Task prompt: Copy the records below exactly, leaving out every picture.
- - - - - - -
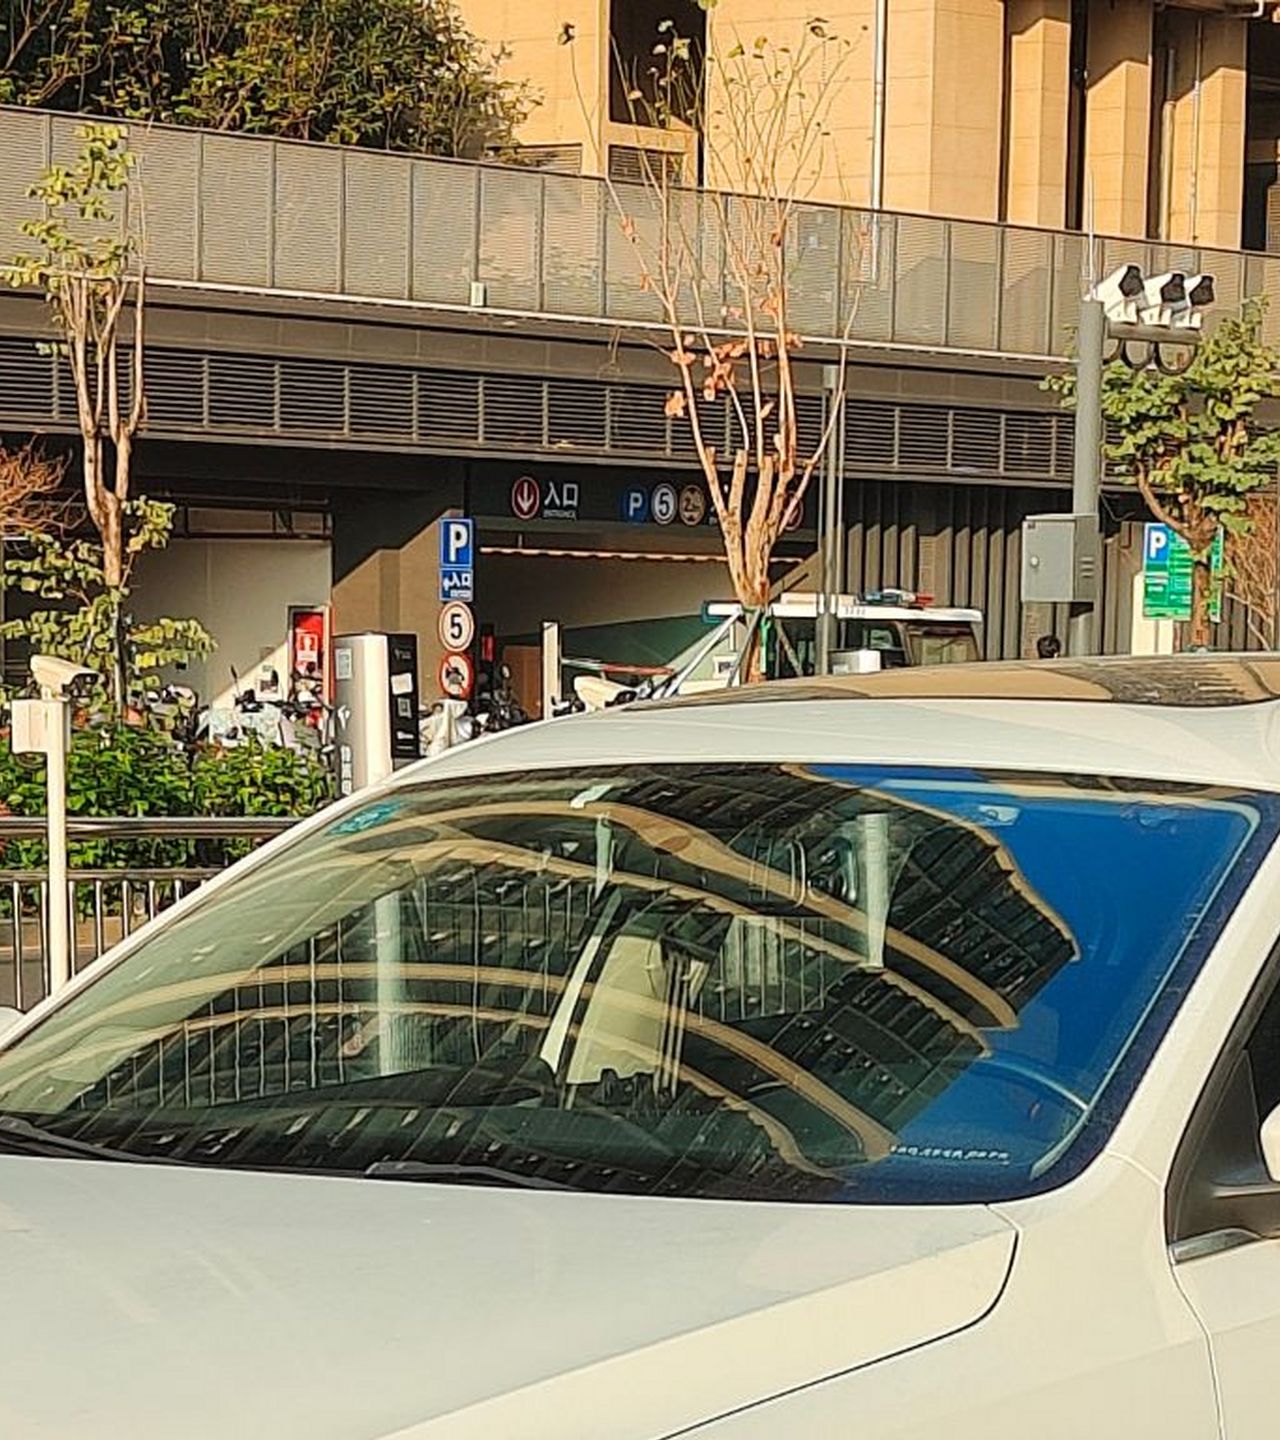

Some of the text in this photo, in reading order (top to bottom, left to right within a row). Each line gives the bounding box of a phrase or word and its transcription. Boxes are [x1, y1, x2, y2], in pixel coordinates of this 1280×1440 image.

[544, 481, 578, 507] 入口
[629, 492, 643, 517] P
[659, 491, 671, 517] 5
[449, 523, 468, 563] P
[1150, 530, 1167, 558] P
[450, 613, 463, 640] 5
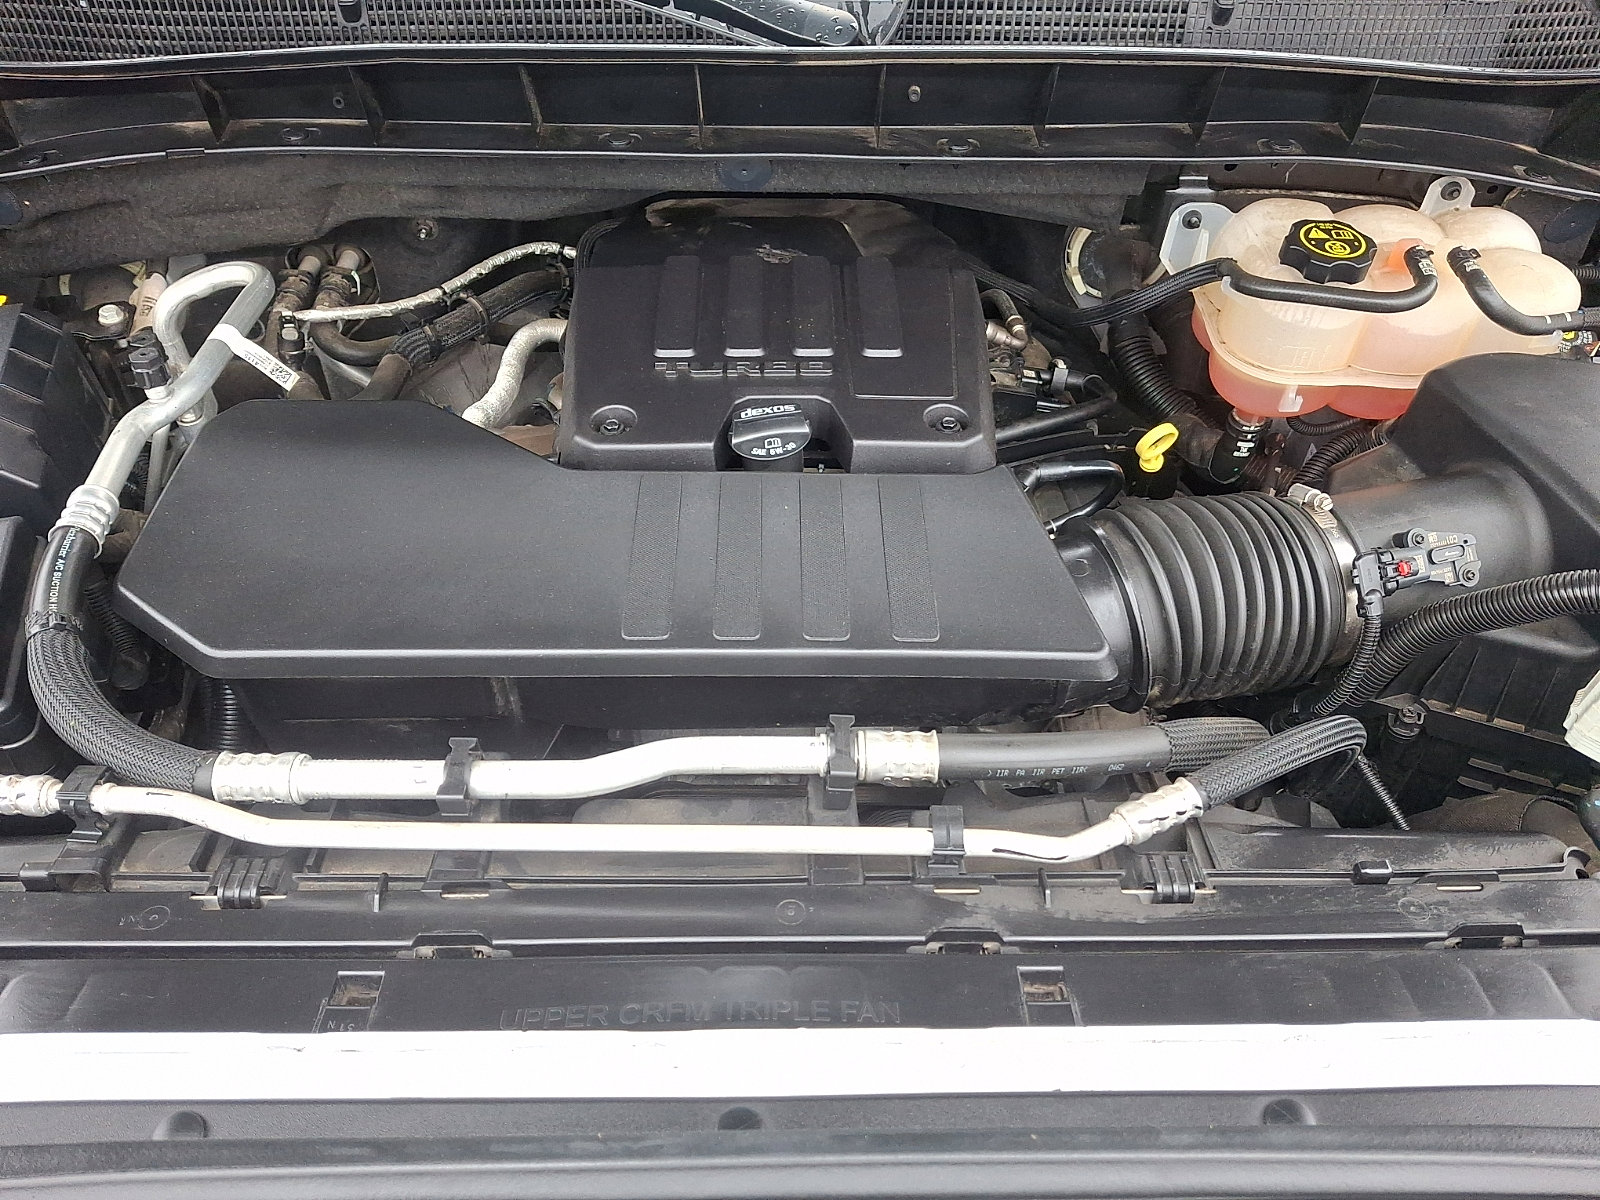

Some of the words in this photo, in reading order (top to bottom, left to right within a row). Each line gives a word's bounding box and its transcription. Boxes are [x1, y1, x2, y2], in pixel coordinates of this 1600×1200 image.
- - - - - - -
Response:
Some of the text in this photo, in reading order (top to bottom, left to right within a row). Each line gives the bounding box of a phrase or word and its transcription. Boxes are [x1, y1, x2, y2], in pixel coordinates of this 1280×1440 image.

[544, 481, 578, 507] 入口
[629, 492, 643, 517] P
[659, 491, 671, 517] 5
[449, 523, 468, 563] P
[1150, 530, 1167, 558] P
[450, 613, 463, 640] 5

Some of the words in this photo, in reading order (top to bottom, left to right within a row). Each line gives a word's bounding box and its transcription. Boxes are [x1, y1, x2, y2], in pixel coordinates of this 1600×1200 image.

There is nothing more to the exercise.